» **What to work on**:
Give back an exact copy of the entries beneath, minus the pictures.

» **Saved entries**:
- - - - -
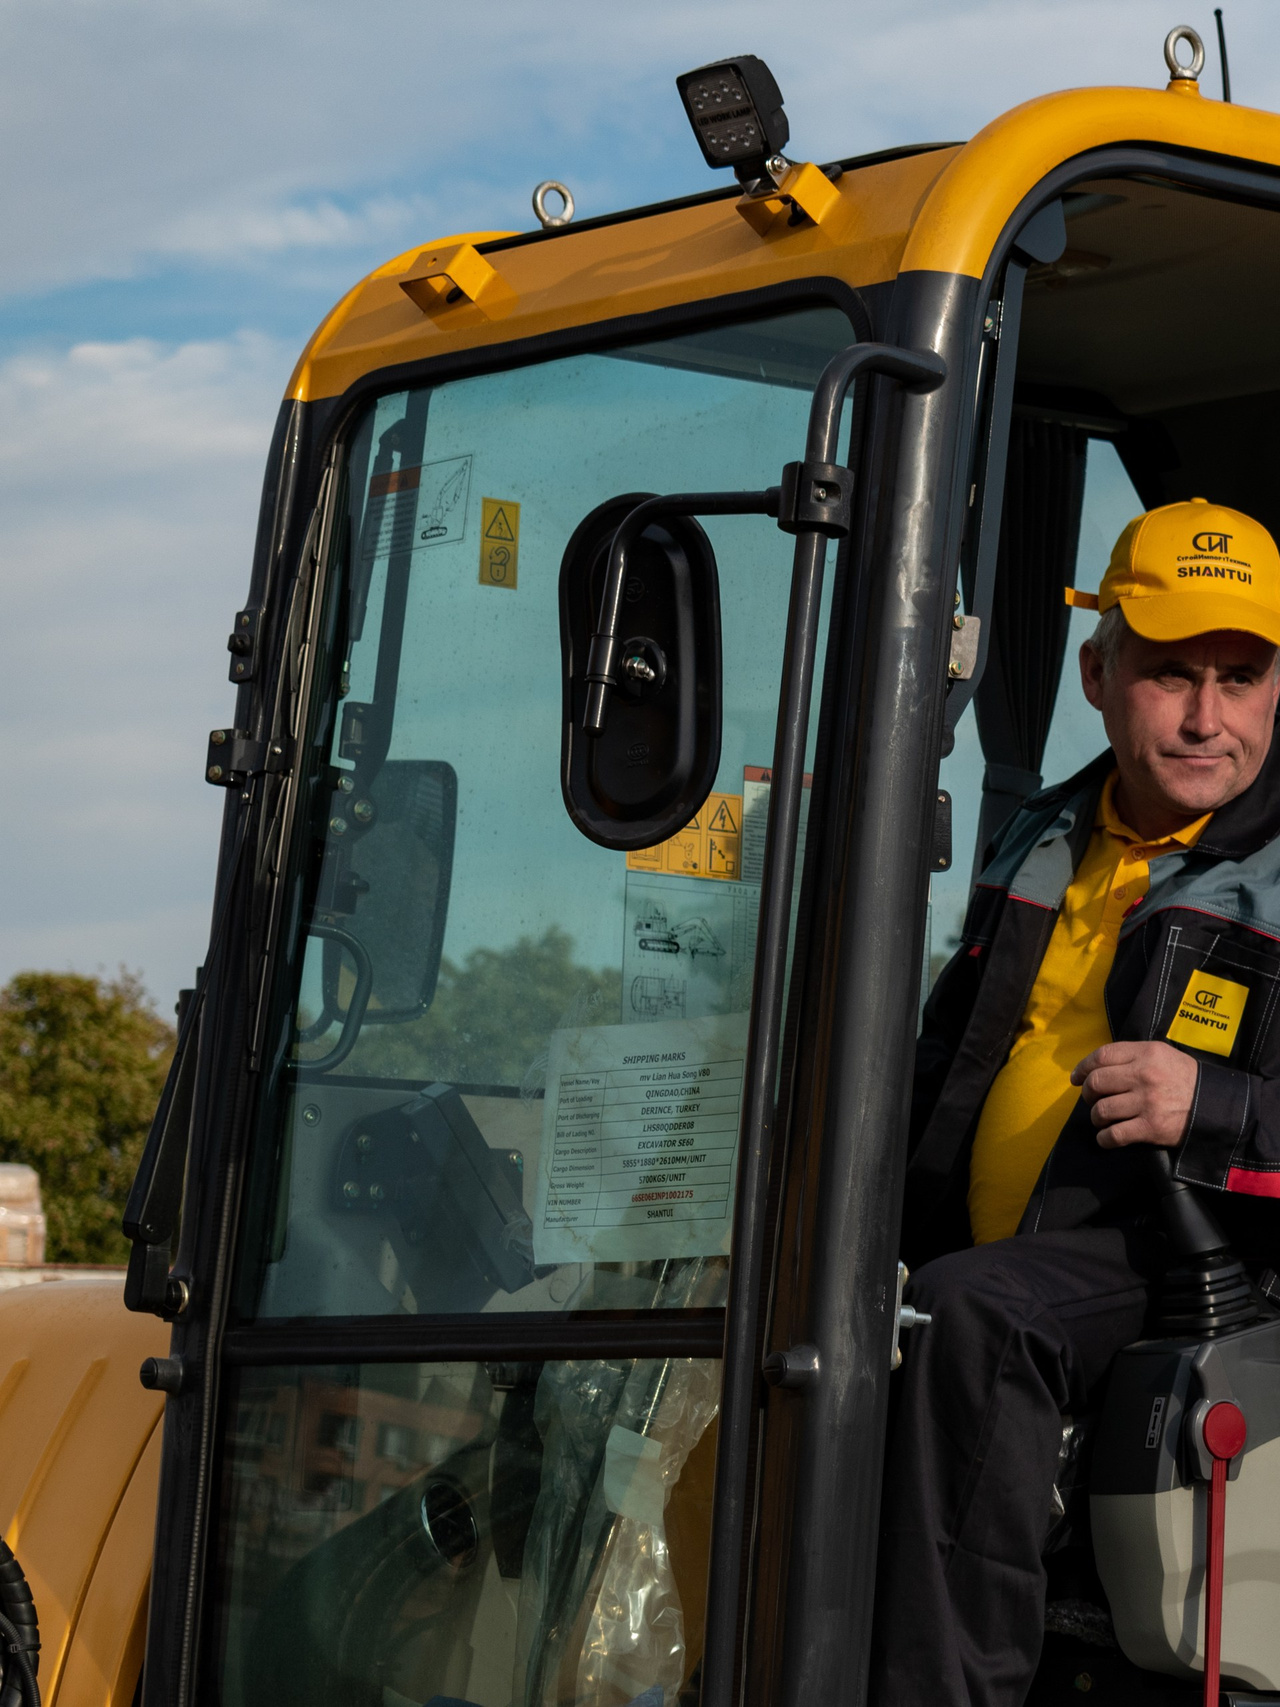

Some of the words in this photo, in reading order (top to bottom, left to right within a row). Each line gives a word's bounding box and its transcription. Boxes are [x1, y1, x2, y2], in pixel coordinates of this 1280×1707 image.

[709, 111, 731, 123] WORK
[732, 107, 750, 118] LAMP
[1192, 532, 1233, 554] СИТ
[1177, 566, 1252, 585] SHANTUI
[1195, 990, 1223, 1009] СИТ
[1178, 1010, 1228, 1031] SHANTUI
[622, 1054, 659, 1064] SHIPPING
[661, 1052, 686, 1062] MARKS
[652, 1072, 666, 1081] Lian
[668, 1072, 680, 1080] Hua
[682, 1071, 697, 1080] Song
[698, 1068, 710, 1077] V80
[646, 1086, 700, 1099] QINGDAO,CHINA
[641, 1105, 673, 1115] DERINCE,
[675, 1104, 701, 1113] TURKEY
[642, 1121, 694, 1132] LHS80QDDER08
[638, 1140, 676, 1149] EXCAVATOR
[677, 1138, 694, 1147] SE60
[571, 1147, 596, 1155] Description
[639, 1173, 686, 1184] 5700KGS/UNIT
[647, 1209, 674, 1218] SHANTUI
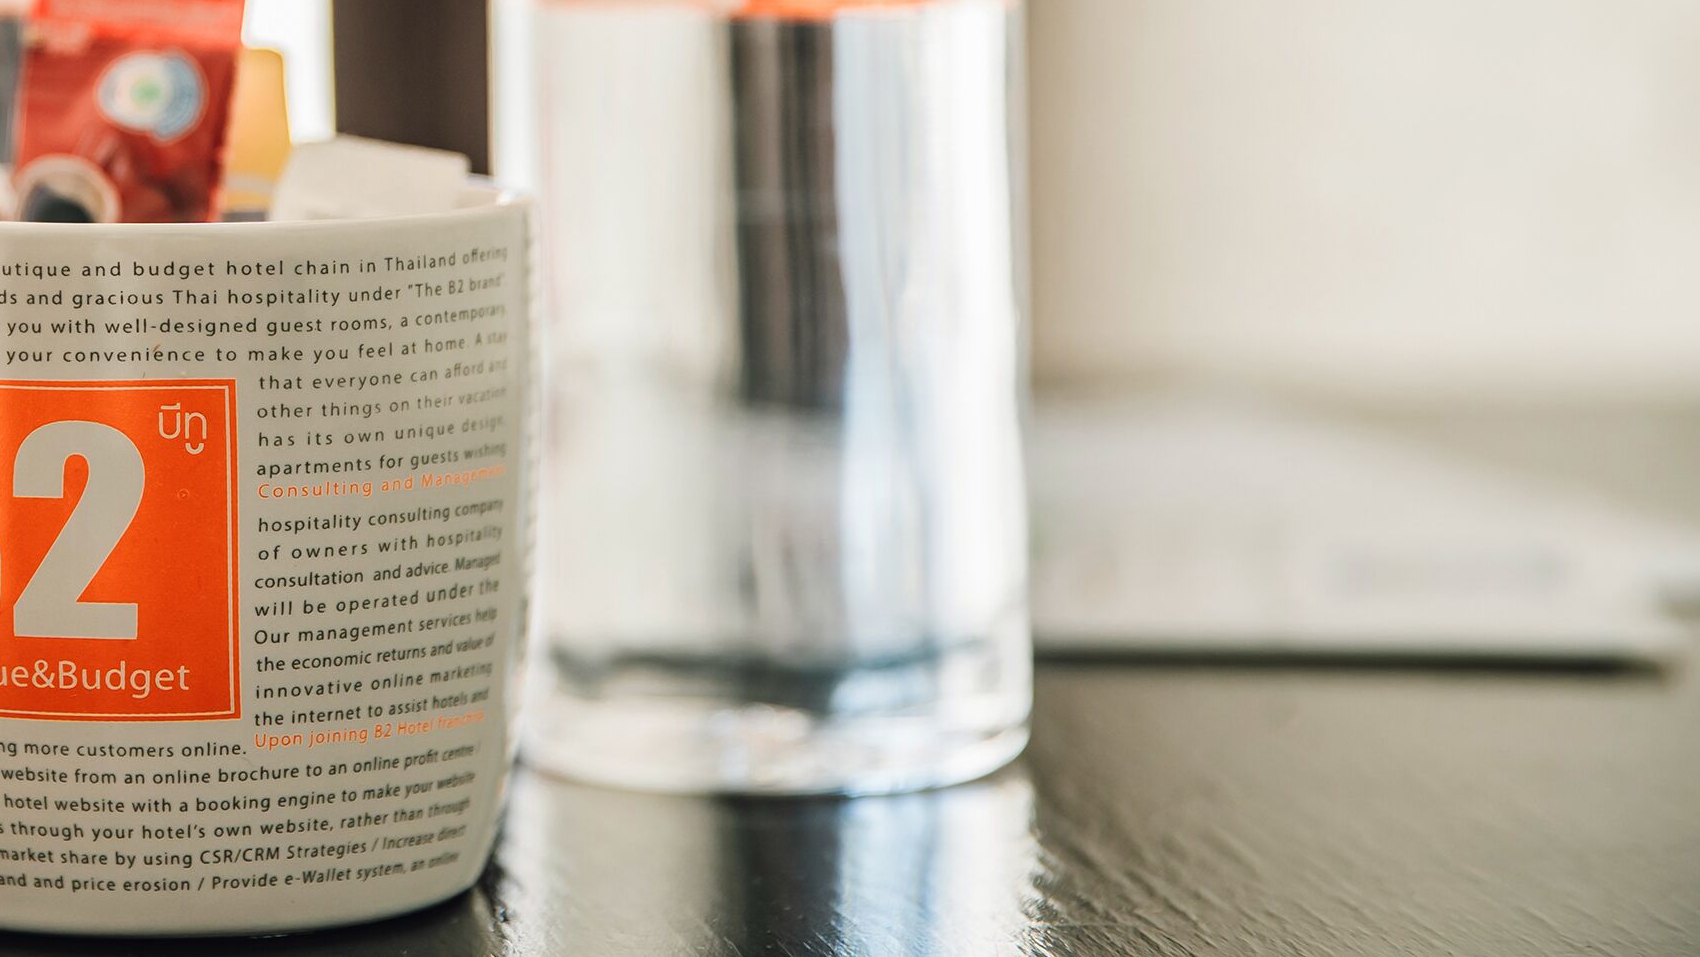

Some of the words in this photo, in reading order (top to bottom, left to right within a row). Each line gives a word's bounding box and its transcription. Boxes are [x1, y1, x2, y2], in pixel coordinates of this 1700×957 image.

[82, 261, 121, 277] and
[133, 261, 214, 280] budget
[227, 260, 283, 276] hotel
[294, 260, 349, 275] chain
[360, 259, 376, 273] in
[384, 252, 456, 271] Thailand
[26, 290, 62, 305] and
[72, 291, 163, 309] gracious
[172, 290, 217, 304] Thai
[228, 289, 340, 307] hospitality
[349, 286, 401, 302] under
[408, 283, 442, 298] "The
[448, 279, 463, 295] B2
[7, 322, 41, 337] you
[51, 319, 95, 334] with
[105, 318, 257, 337] well-designed
[266, 319, 322, 337] guest
[331, 318, 392, 331] rooms,
[400, 316, 408, 327] a
[6, 351, 52, 365] your
[63, 347, 205, 362] convenience
[216, 348, 237, 361] to
[248, 346, 303, 361] make
[313, 349, 348, 364] you
[358, 342, 392, 358] feel
[401, 342, 416, 355] at
[259, 375, 302, 390] that
[312, 373, 402, 391] everyone
[410, 370, 438, 382] can
[445, 362, 484, 379] afford
[257, 403, 312, 418] other
[322, 402, 381, 419] things
[389, 400, 409, 412] on
[417, 396, 453, 409] their
[259, 432, 295, 447] has
[307, 432, 333, 446] its
[344, 431, 384, 444] own
[395, 424, 454, 440] unique
[257, 459, 371, 479] apartments
[379, 454, 403, 469] for
[410, 450, 459, 470] guests
[258, 482, 372, 498] Consulting
[381, 477, 413, 491] and
[258, 514, 361, 535] hospitality
[368, 507, 450, 526] consulting
[258, 545, 281, 560] of
[291, 544, 367, 559] owners
[378, 535, 418, 553] with
[254, 570, 363, 589] consultation
[373, 564, 401, 581] and
[255, 601, 292, 617] will
[303, 600, 326, 614] be
[336, 590, 419, 614] operated
[426, 584, 474, 603] under
[254, 630, 290, 645] Our
[298, 619, 413, 642] management
[419, 614, 471, 631] services
[256, 656, 285, 672] the
[291, 651, 372, 670] economic
[377, 647, 427, 662] returns
[430, 640, 453, 657] and
[256, 680, 362, 699] innovative
[371, 674, 423, 690] online
[254, 712, 284, 727] the
[292, 706, 361, 724] internet
[368, 705, 383, 718] to
[388, 699, 428, 716] assist
[24, 743, 69, 756] more
[76, 744, 174, 757] customers
[181, 742, 246, 757] online.
[255, 734, 302, 751] Upon
[308, 729, 368, 748] joining
[374, 723, 391, 738] B2
[1, 767, 68, 783] website
[74, 768, 116, 784] from
[124, 774, 145, 784] an
[152, 770, 211, 784] online
[218, 766, 299, 783] brochure
[306, 765, 322, 777] to
[328, 763, 347, 775] an
[353, 757, 400, 773] online
[403, 749, 438, 770] profit
[4, 793, 48, 810] hotel
[54, 797, 125, 813] website
[132, 798, 171, 813] with
[179, 801, 188, 812] a
[196, 796, 270, 812] booking
[277, 791, 336, 810] engine
[342, 790, 357, 802] to
[363, 784, 400, 800] make
[405, 781, 434, 799] your
[10, 821, 84, 841] through
[92, 828, 134, 842] your
[214, 825, 252, 837] own
[260, 819, 333, 834] website,
[340, 812, 388, 829] rather
[393, 809, 423, 823] than
[60, 850, 108, 865] share
[115, 851, 136, 869] by
[143, 852, 192, 869] using
[200, 847, 280, 864] CSR/CRM
[286, 842, 366, 859] Strategies
[33, 875, 64, 889] and
[71, 878, 116, 893] price
[123, 878, 190, 892] erosion
[212, 873, 278, 890] Provide
[284, 868, 352, 885] e-Wallet
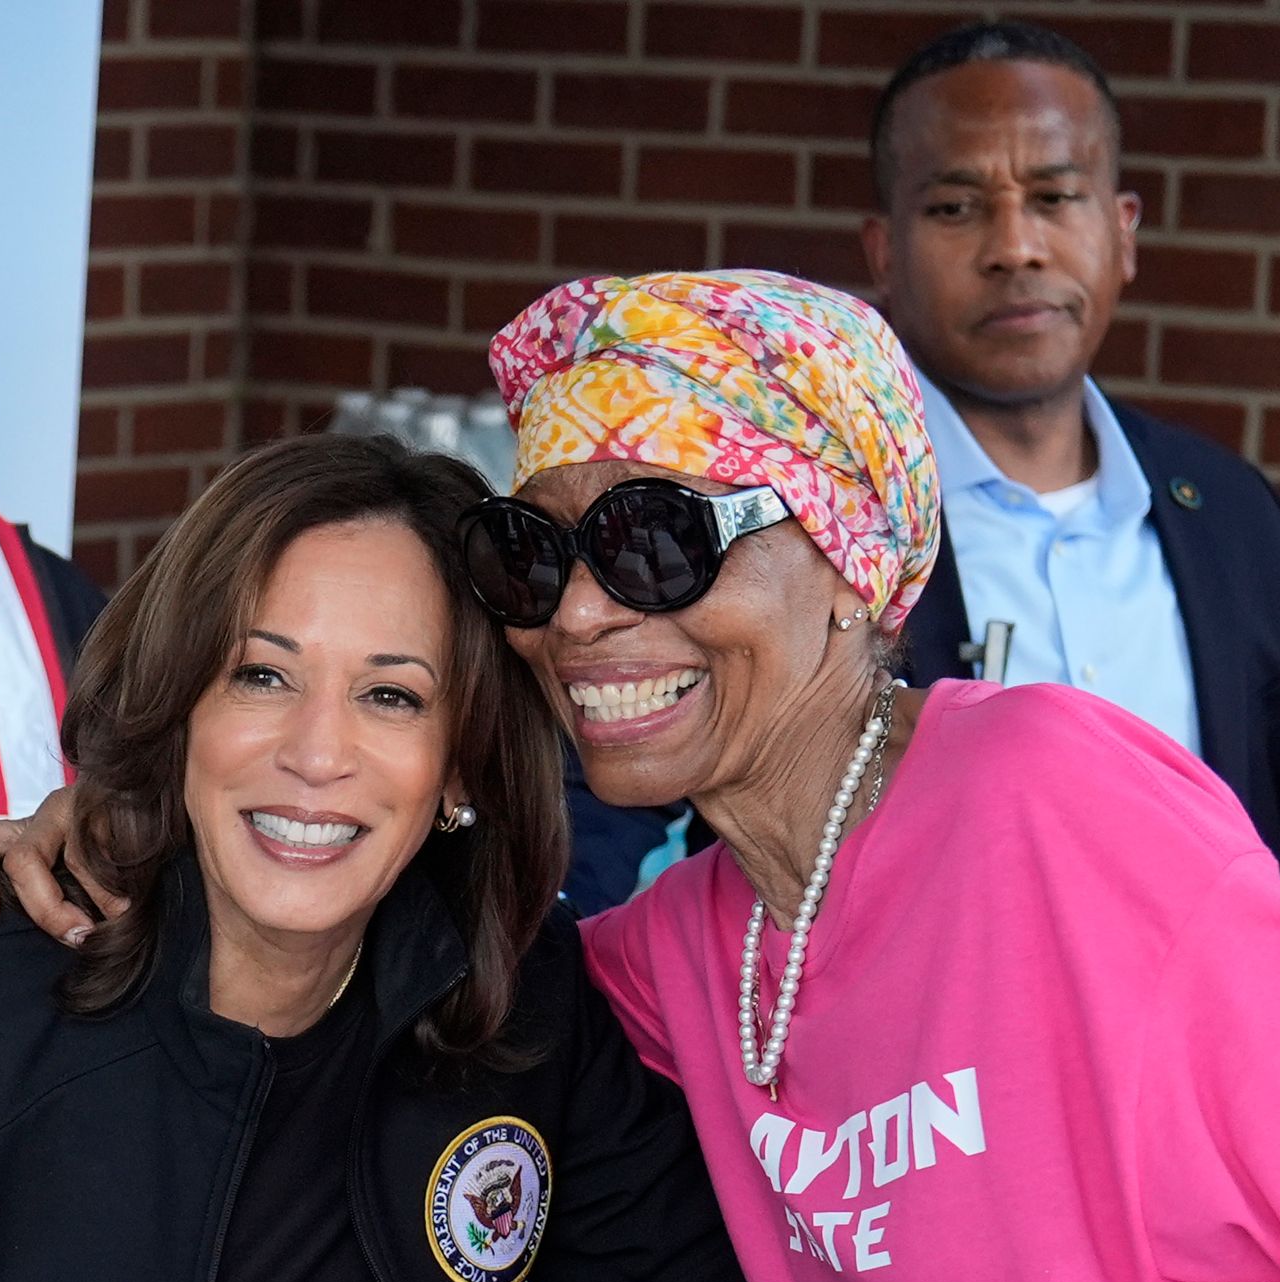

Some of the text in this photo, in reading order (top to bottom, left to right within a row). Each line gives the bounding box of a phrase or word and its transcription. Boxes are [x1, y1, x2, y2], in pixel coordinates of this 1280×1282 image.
- - - - -
» **Output for this exercise**:
Some of the words in this photo, in reading order (top to bottom, left to right within a row). Each line gives a word's bounding box and its transcription. Boxes are [x1, y1, x2, y2], in pixel coordinates of this 1280×1707 image.

[709, 111, 731, 123] WORK
[732, 107, 750, 118] LAMP
[1192, 532, 1233, 554] СИТ
[1177, 566, 1252, 585] SHANTUI
[1195, 990, 1223, 1009] СИТ
[1178, 1010, 1228, 1031] SHANTUI
[622, 1054, 659, 1064] SHIPPING
[661, 1052, 686, 1062] MARKS
[652, 1072, 666, 1081] Lian
[668, 1072, 680, 1080] Hua
[682, 1071, 697, 1080] Song
[698, 1068, 710, 1077] V80
[646, 1086, 700, 1099] QINGDAO,CHINA
[641, 1105, 673, 1115] DERINCE,
[675, 1104, 701, 1113] TURKEY
[642, 1121, 694, 1132] LHS80QDDER08
[638, 1140, 676, 1149] EXCAVATOR
[677, 1138, 694, 1147] SE60
[571, 1147, 596, 1155] Description
[639, 1173, 686, 1184] 5700KGS/UNIT
[647, 1209, 674, 1218] SHANTUI

Some of the words in this photo, in reading order (top to bottom, left to right within a row). Each line gives a word's bounding box and its transcription. Boxes are [x1, y1, x2, y2], in pixel coordinates of this 1700×957 image.

[82, 261, 121, 277] and
[133, 261, 214, 280] budget
[227, 260, 283, 276] hotel
[294, 260, 349, 275] chain
[360, 259, 376, 273] in
[384, 252, 456, 271] Thailand
[26, 290, 62, 305] and
[72, 291, 163, 309] gracious
[172, 290, 217, 304] Thai
[228, 289, 340, 307] hospitality
[349, 286, 401, 302] under
[408, 283, 442, 298] "The
[448, 279, 463, 295] B2
[7, 322, 41, 337] you
[51, 319, 95, 334] with
[105, 318, 257, 337] well-designed
[266, 319, 322, 337] guest
[331, 318, 392, 331] rooms,
[400, 316, 408, 327] a
[6, 351, 52, 365] your
[63, 347, 205, 362] convenience
[216, 348, 237, 361] to
[248, 346, 303, 361] make
[313, 349, 348, 364] you
[358, 342, 392, 358] feel
[401, 342, 416, 355] at
[259, 375, 302, 390] that
[312, 373, 402, 391] everyone
[410, 370, 438, 382] can
[445, 362, 484, 379] afford
[257, 403, 312, 418] other
[322, 402, 381, 419] things
[389, 400, 409, 412] on
[417, 396, 453, 409] their
[259, 432, 295, 447] has
[307, 432, 333, 446] its
[344, 431, 384, 444] own
[395, 424, 454, 440] unique
[257, 459, 371, 479] apartments
[379, 454, 403, 469] for
[410, 450, 459, 470] guests
[258, 482, 372, 498] Consulting
[381, 477, 413, 491] and
[258, 514, 361, 535] hospitality
[368, 507, 450, 526] consulting
[258, 545, 281, 560] of
[291, 544, 367, 559] owners
[378, 535, 418, 553] with
[254, 570, 363, 589] consultation
[373, 564, 401, 581] and
[255, 601, 292, 617] will
[303, 600, 326, 614] be
[336, 590, 419, 614] operated
[426, 584, 474, 603] under
[254, 630, 290, 645] Our
[298, 619, 413, 642] management
[419, 614, 471, 631] services
[256, 656, 285, 672] the
[291, 651, 372, 670] economic
[377, 647, 427, 662] returns
[430, 640, 453, 657] and
[256, 680, 362, 699] innovative
[371, 674, 423, 690] online
[254, 712, 284, 727] the
[292, 706, 361, 724] internet
[368, 705, 383, 718] to
[388, 699, 428, 716] assist
[24, 743, 69, 756] more
[76, 744, 174, 757] customers
[181, 742, 246, 757] online.
[255, 734, 302, 751] Upon
[308, 729, 368, 748] joining
[374, 723, 391, 738] B2
[1, 767, 68, 783] website
[74, 768, 116, 784] from
[124, 774, 145, 784] an
[152, 770, 211, 784] online
[218, 766, 299, 783] brochure
[306, 765, 322, 777] to
[328, 763, 347, 775] an
[353, 757, 400, 773] online
[403, 749, 438, 770] profit
[4, 793, 48, 810] hotel
[54, 797, 125, 813] website
[132, 798, 171, 813] with
[179, 801, 188, 812] a
[196, 796, 270, 812] booking
[277, 791, 336, 810] engine
[342, 790, 357, 802] to
[363, 784, 400, 800] make
[405, 781, 434, 799] your
[10, 821, 84, 841] through
[92, 828, 134, 842] your
[214, 825, 252, 837] own
[260, 819, 333, 834] website,
[340, 812, 388, 829] rather
[393, 809, 423, 823] than
[60, 850, 108, 865] share
[115, 851, 136, 869] by
[143, 852, 192, 869] using
[200, 847, 280, 864] CSR/CRM
[286, 842, 366, 859] Strategies
[33, 875, 64, 889] and
[71, 878, 116, 893] price
[123, 878, 190, 892] erosion
[212, 873, 278, 890] Provide
[284, 868, 352, 885] e-Wallet

Some of the text in this photo, in reading order (top to bottom, left to right within a row). Each line gives the bounding box of a phrase or word and its transcription. Boxes are [x1, y1, x2, y2], in pixel coordinates of this 1280×1282 image.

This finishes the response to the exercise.